DATASET RECORDS ::
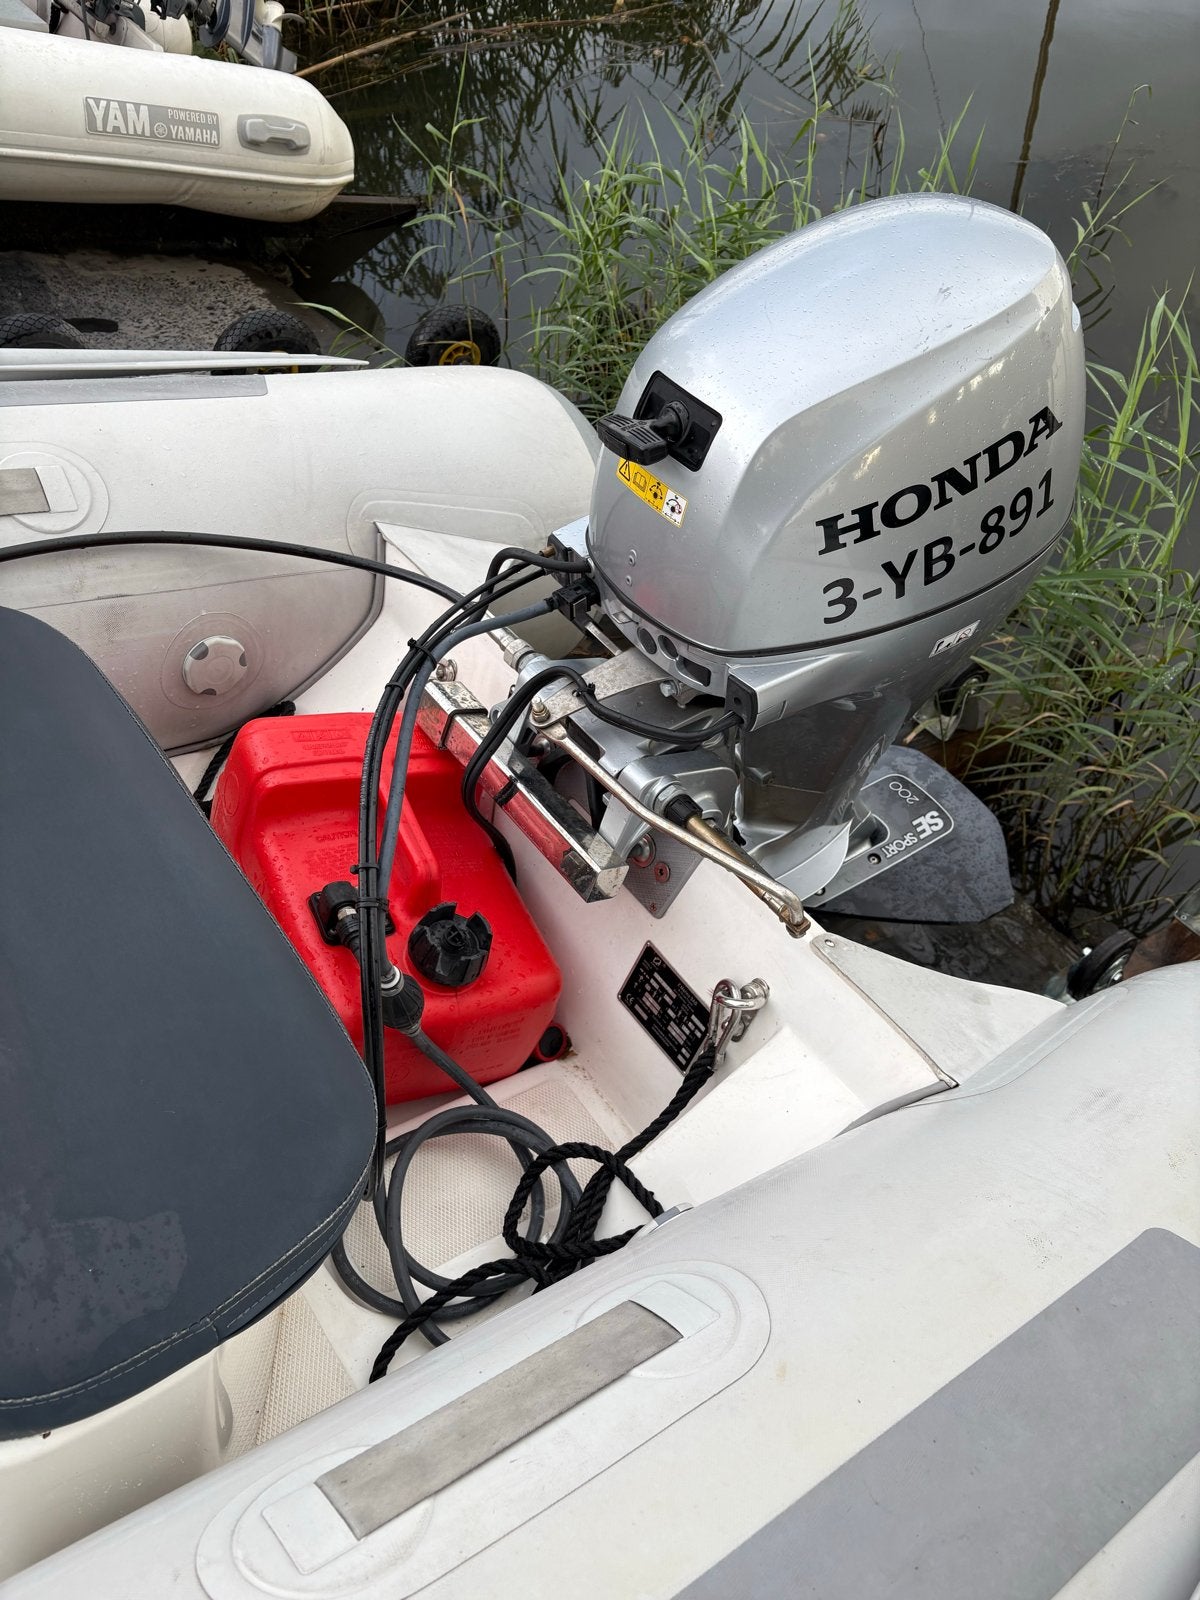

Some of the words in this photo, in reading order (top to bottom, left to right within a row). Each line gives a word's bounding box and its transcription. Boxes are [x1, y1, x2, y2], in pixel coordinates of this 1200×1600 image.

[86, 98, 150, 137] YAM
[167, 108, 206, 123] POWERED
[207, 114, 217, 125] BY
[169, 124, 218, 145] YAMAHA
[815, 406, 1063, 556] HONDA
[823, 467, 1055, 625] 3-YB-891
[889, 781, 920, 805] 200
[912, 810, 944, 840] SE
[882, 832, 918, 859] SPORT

TASK STATEMENT :: All lines above must be repeated exactly, and the pictures must be omitted.

ANSWER FOR THE TASK ::
Some of the words in this photo, in reading order (top to bottom, left to right within a row). Each line gives a word's bounding box and its transcription. Boxes are [x1, y1, x2, y2], in pixel coordinates of this 1200×1600 image.

[86, 98, 150, 137] YAM
[167, 108, 206, 123] POWERED
[207, 114, 217, 125] BY
[169, 124, 218, 145] YAMAHA
[815, 406, 1063, 556] HONDA
[823, 467, 1055, 625] 3-YB-891
[889, 781, 920, 805] 200
[912, 810, 944, 840] SE
[882, 832, 918, 859] SPORT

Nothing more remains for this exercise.